Records from a data source:

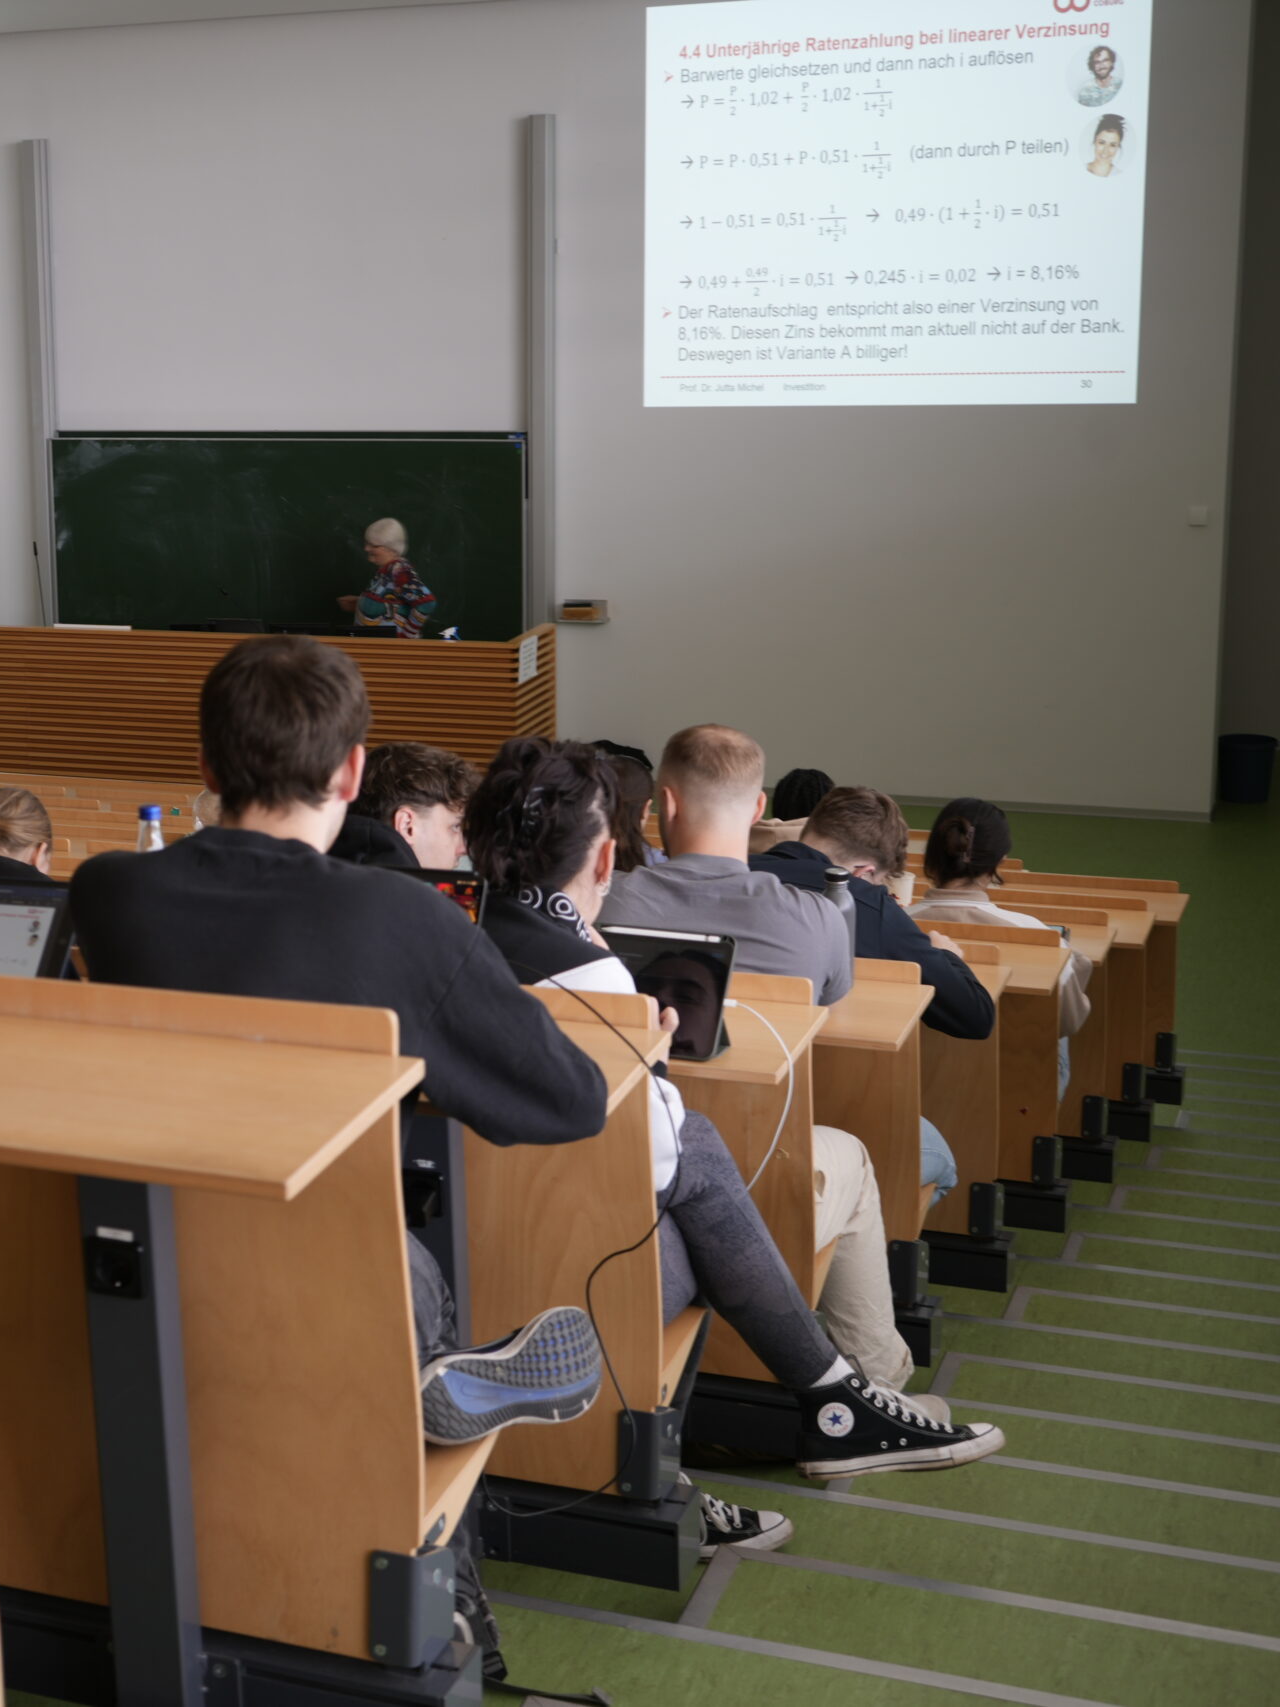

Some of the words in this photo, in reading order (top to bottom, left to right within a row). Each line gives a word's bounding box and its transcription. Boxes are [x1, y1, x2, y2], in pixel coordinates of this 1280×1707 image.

[679, 46, 701, 58] 4.4
[706, 40, 800, 59] Unterjährige
[806, 33, 913, 52] Ratenzahlung
[920, 30, 943, 45] bei
[949, 28, 1010, 43] linearer
[1015, 22, 1110, 38] Verzinsung
[680, 67, 744, 83] Barwerte
[749, 63, 838, 83] gleichsetzen
[844, 59, 871, 73] und
[876, 57, 914, 72] dann
[918, 54, 955, 69] nach
[960, 54, 964, 67] i
[969, 51, 1034, 66] auflösen
[700, 95, 708, 108] P
[750, 91, 779, 107] 1,02
[822, 87, 851, 103] 1,02
[699, 156, 708, 168] P
[729, 154, 738, 167] P
[750, 153, 779, 168] 0,51
[799, 151, 808, 164] P
[820, 150, 849, 165] 0,51
[910, 145, 952, 163] (dann
[958, 142, 1000, 157] durch
[1005, 141, 1016, 155] P
[1022, 138, 1069, 156] teilen)
[726, 214, 755, 229] 0,51
[777, 213, 805, 228] 0,51
[895, 208, 926, 224] 0,49
[1029, 204, 1059, 219] 0,51
[698, 275, 727, 291] 0,49
[805, 273, 834, 288] 0,51
[864, 270, 907, 286] 0,245
[946, 269, 976, 284] 0,02
[1031, 264, 1080, 282] 8,16%
[679, 305, 704, 319] Der
[708, 303, 818, 321] Ratenaufschlag
[827, 301, 898, 320] entspricht
[903, 300, 933, 314] also
[938, 300, 976, 314] einer
[980, 299, 1066, 315] Verzinsung
[1071, 299, 1099, 311] von
[678, 327, 725, 342] 8,16%.
[732, 326, 780, 339] Diesen
[785, 325, 815, 339] Zins
[820, 324, 887, 338] bekommt
[892, 324, 923, 336] man
[928, 322, 976, 336] aktuell
[981, 320, 1017, 335] nicht
[1022, 320, 1046, 334] auf
[1051, 320, 1075, 334] der
[1081, 318, 1124, 333] Bank.
[678, 348, 751, 364] Deswegen
[756, 347, 772, 360] ist
[777, 346, 836, 360] Variante
[840, 345, 852, 359] A
[856, 344, 908, 362] billiger!

--- ACTIVITY ---
Among the lines above, please find those with "Verzinsung" and copy them.

--- RESULT ---
[1015, 22, 1110, 38] Verzinsung
[980, 299, 1066, 315] Verzinsung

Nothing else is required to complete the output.